转载请注明出处: http://blog.csdn.net/tianhai110
Screen Space Ambient Occlusion
屏幕空间环境遮蔽
(Heavy SSAO)
Screen space ambient occlusion is getting a lot of interest around the net and I wanted to add this to our Raz0r engine as an easily toggleable feature. Whilst developing the code, I borrowed a lot of knowledge from other people and this tutorial is my payback for all that help.
屏幕空间环境遮蔽(SSAO)是最近网络上最热门的技术,同时我也想把它加入到我的RazOr引擎中,来作为一种很棒的视觉效果。在编写代码的过程中,我从别人那里学到了很多知识,因此这个教程将是对这些帮助的一个回报。
I’m not claiming that my method is the best and only way to implement SSAO, so I present this simply as the way I did it. If you find any optimisations or tweaks to improve it, please feel free to point them out.
我声称我的方法并不一定是实现SSAO最好的方法,我只是用我觉得简单的方法实现了它。如果你发现了更加高效的方法,请及时把你的方法公布出来。

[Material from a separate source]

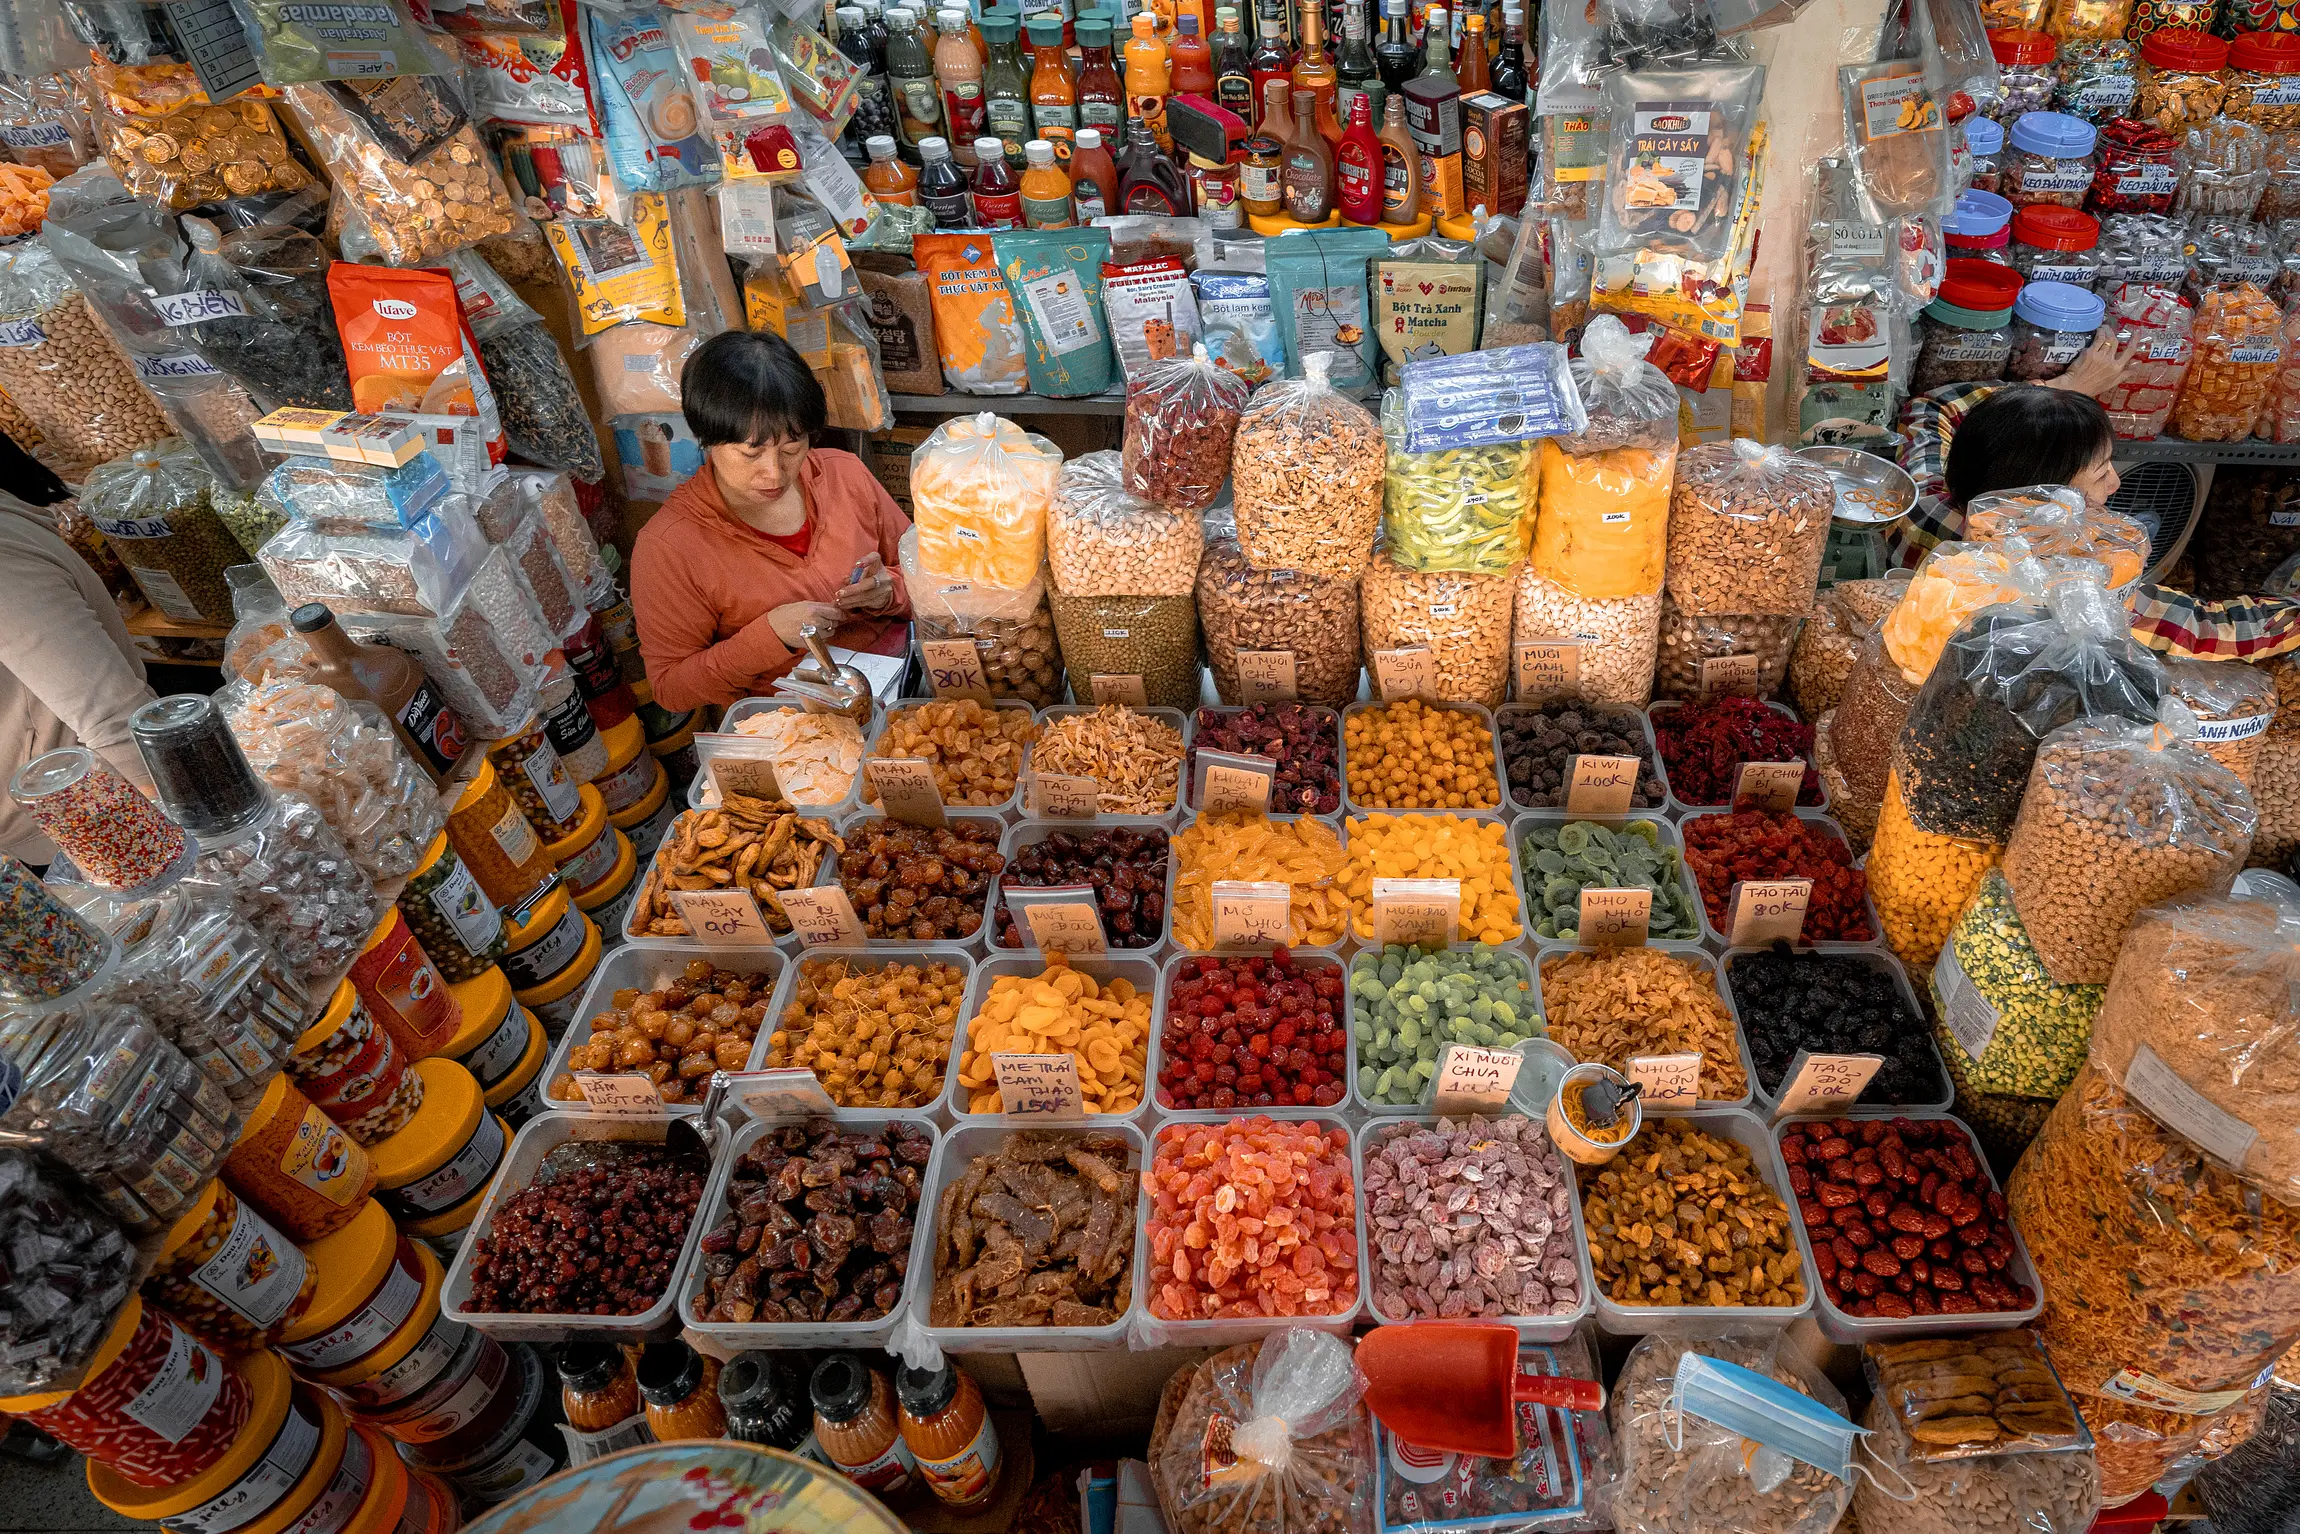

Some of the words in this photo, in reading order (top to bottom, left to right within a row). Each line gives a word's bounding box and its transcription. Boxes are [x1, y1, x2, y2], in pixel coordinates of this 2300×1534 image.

One of my main goals here is to keep the code fully DirectX9.0c compatible and as fast as possible, which basically means no MRT and no fat format textures. This entire technique works only with bog-standard RGBA 32 bit textures and old-fashioned single target rendering. The code as presented will probably run on shader model 2 if you cut down the number of samples per pixel too, so this method is about as safe and reliable as you’ll find anywhere. It should also run comparatively quickly given the low bandwidth we’re using with our textures.
我的目标是保证代码能够与DirectX9.0c兼容 同时尽可能足够的快,这意味着不需要PRT和大量的纹理,整个技术仅需要借助普通的32位RGBA的纹理和 老式的单个目标渲染。如果你减少一些像素shader的取样器数量,我的代码应该能够在shader2.0版本上跑。我们使用的纹理也只占用很低的带宽,所以该方法能够适应大多数的机子。

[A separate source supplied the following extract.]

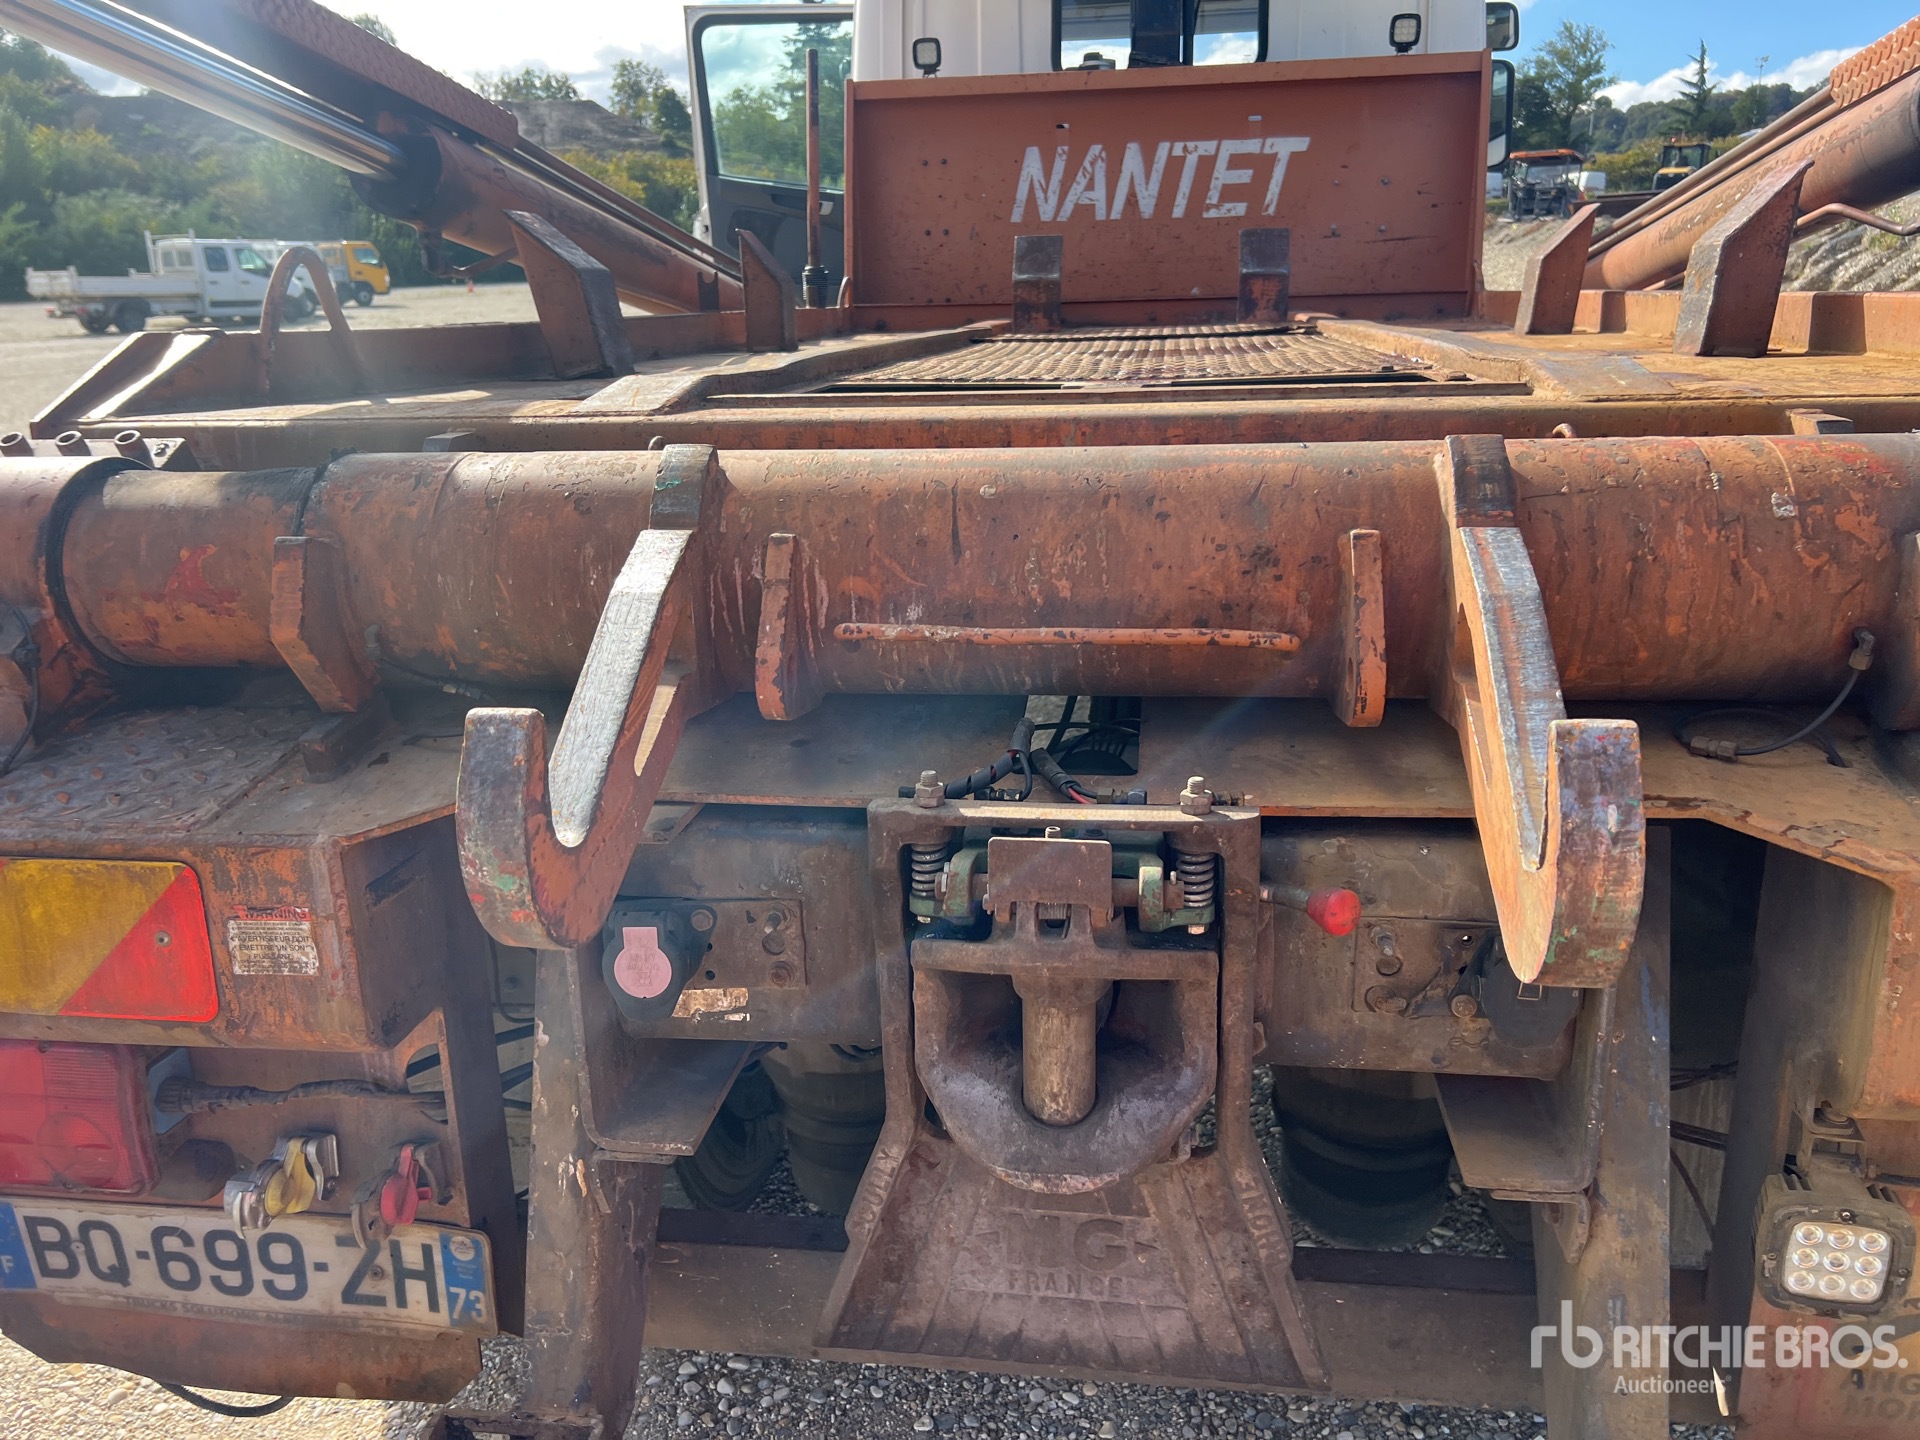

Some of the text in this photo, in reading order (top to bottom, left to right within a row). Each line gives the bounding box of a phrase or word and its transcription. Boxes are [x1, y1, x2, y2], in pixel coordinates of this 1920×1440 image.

[1010, 137, 1311, 223] NANTET
[23, 1215, 441, 1314] BQ-699-ZH
[449, 1286, 487, 1323] 73

Right, lets get our hands dirty. Raz0r doesn’t use deferred shading, so the first thing we need to do is produce an RGBA texture of our scene that contains the normals and positions of every point we can see. Given that the trivial way to store both a position and a normal would require 24 bytes per pixel, and I said we’d be using only 4, there’s clearly some compression required here.
令人不幸的是 我的RazOr引擎不支持延迟着色,所以我需要做的第一件事是为我们能看到的包含法向量和位置的所有点及场景生成一张RGBA的纹理。该过程 需要存储顶点的位置、法向量。这样的话每个 像素需要24个字节, 而我说过我们仅能使用4个,所以这里就必须要压缩一下。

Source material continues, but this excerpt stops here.